District judges deal with virtually all the management of all cases in the county courts and the District Registries of the High Court, whether on paper or at case management hearings. We see reports already filed, and the names of experts the parties propose to instruct. Although I can only speak for my own court, I have concerns that the pool of doctors willing to take on medico-legal work may be shrinking; and that some of those still taking on such work may be past their sell-by date.

Out of touch

It is common to see the same familiar names appearing as actual or proposed experts, particularly in cases involving industrial disease. What worries me is that some of these experts have been out of clinical practice for up to 20 years. They have impressive CVs, and are very experienced, but the danger is that they may not be up to date.

I have recently conducted two trials sitting as recorder, where problems have occurred. In one, the defendant's expert, a very experienced and eminent doctor, with many years of experience doing medico-legal work, was made to look foolish in the witness box by claimant's counsel because he was clearly not up to date with all the literature, and this made his opinion unsupportable. In another, a claimant's expert was shown to be out of touch with modern practice.

Although all experts are experts to the court, not the parties, they appear in court to support the case of the party. Imagine the effect on a claimant who sees and hears the expert, on whose opinion their case is built, shown up as out of touch.
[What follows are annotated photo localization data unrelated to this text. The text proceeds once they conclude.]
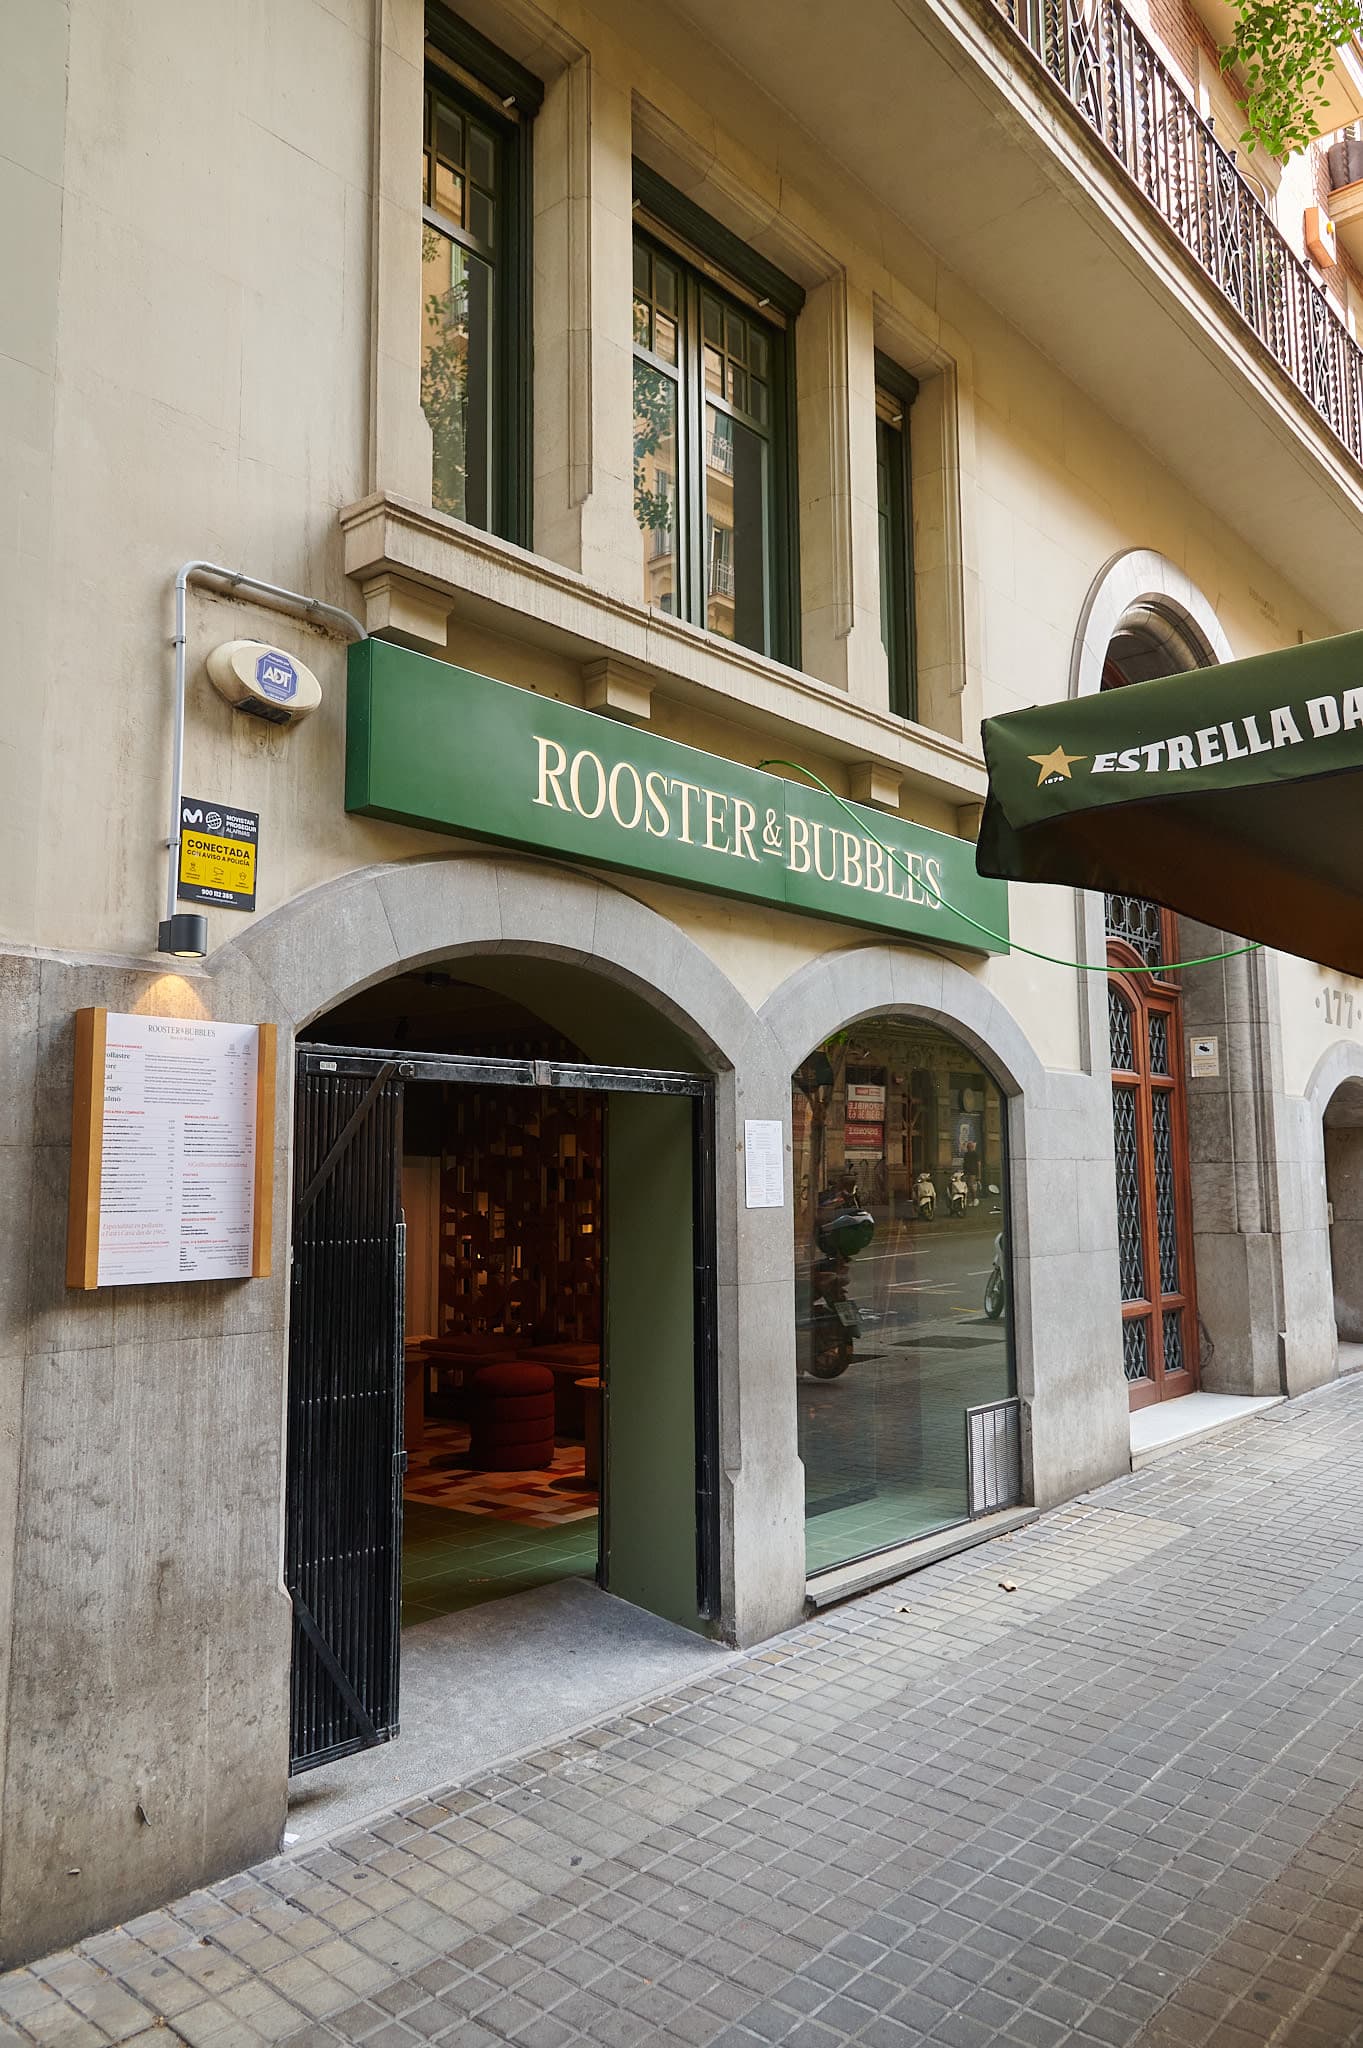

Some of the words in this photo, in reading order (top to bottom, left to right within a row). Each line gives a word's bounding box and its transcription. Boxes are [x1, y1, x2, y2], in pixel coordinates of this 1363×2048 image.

[264, 666, 292, 688] ADT
[1090, 705, 1304, 774] ESTRELLA
[1044, 776, 1064, 784] 1876
[226, 814, 255, 826] MOVISTAR
[532, 735, 760, 863] ROOSTER
[762, 808, 783, 857] &
[786, 815, 943, 910] BUBBLES
[226, 821, 257, 833] PROSEGUR
[187, 839, 250, 860] CONECTADA
[186, 849, 200, 857] CON
[202, 851, 221, 861] AVISO
[226, 857, 250, 867] POLICÍA
[201, 888, 214, 896] 900
[148, 1024, 181, 1034] ROOSTER
[184, 1027, 216, 1038] BUBBLES
[106, 1051, 130, 1060] ollastre
[106, 1085, 122, 1093] eggie
But is the problem a lack of doctors prepared to do this work? I can think of three good reasons why this might be so:

1. After the criminal cases in which the evidence of experts has been discredited, some doctors may simply be reluctant to put their head above the parapet. I suspect this may certainly be the case in paediatrics.
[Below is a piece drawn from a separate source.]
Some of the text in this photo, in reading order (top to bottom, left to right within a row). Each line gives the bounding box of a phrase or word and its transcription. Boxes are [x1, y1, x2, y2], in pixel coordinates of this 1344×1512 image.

2. Consultants working within the NHS may simply be too busy to take on this work. That may explain why so many medico-legal experts have left clinical practice, thus giving themselves the time to devote to court work.

3. There is a reluctance, even in smaller cases, to instruct registrars. They too are busy, but also tend to work on short-term contracts and can move around the country, or abroad, making it more difficult to keep them involved.

Further problems

What is needed is a regular throughput of younger doctors willing to take on this work. Inevitably, fitting in medico-legal work alongside clinical practice will be difficult. From the court's point of view, it is important that experts comply with case management timetables. The majority of delays that occur in cases reaching trial appear to relate to difficulty for the lawyers in getting their experts to deal with matters in accordance with the timetable the court has set. Doctors who are simply too busy should not become expert witnesses.

Other problems occur where there is only a small group of experts, perhaps in a rare medical specialty, so inevitably delays may occur because they can only offer to see a claimant many months ahead. If that particular expertise is needed, some delay cannot be avoided.

I recognise that I have dealt almost exclusively with medical experts. They are by far the most frequent experts involved in civil litigation, and I am not aware of similar problems arising in connection with other sorts of experts; although the requirement to keep fully up to date will be relevant in all fields of expertise. It may also be that I am unduly pessimistic, and that other parts of the country do not suffer the same apparent problems. But the essential message to solicitors considering instructing an expert is to think carefully about the expert to be instructed. It is no help to a client to found their case, or their defence, on an opinion which proves to be unsustainable in court.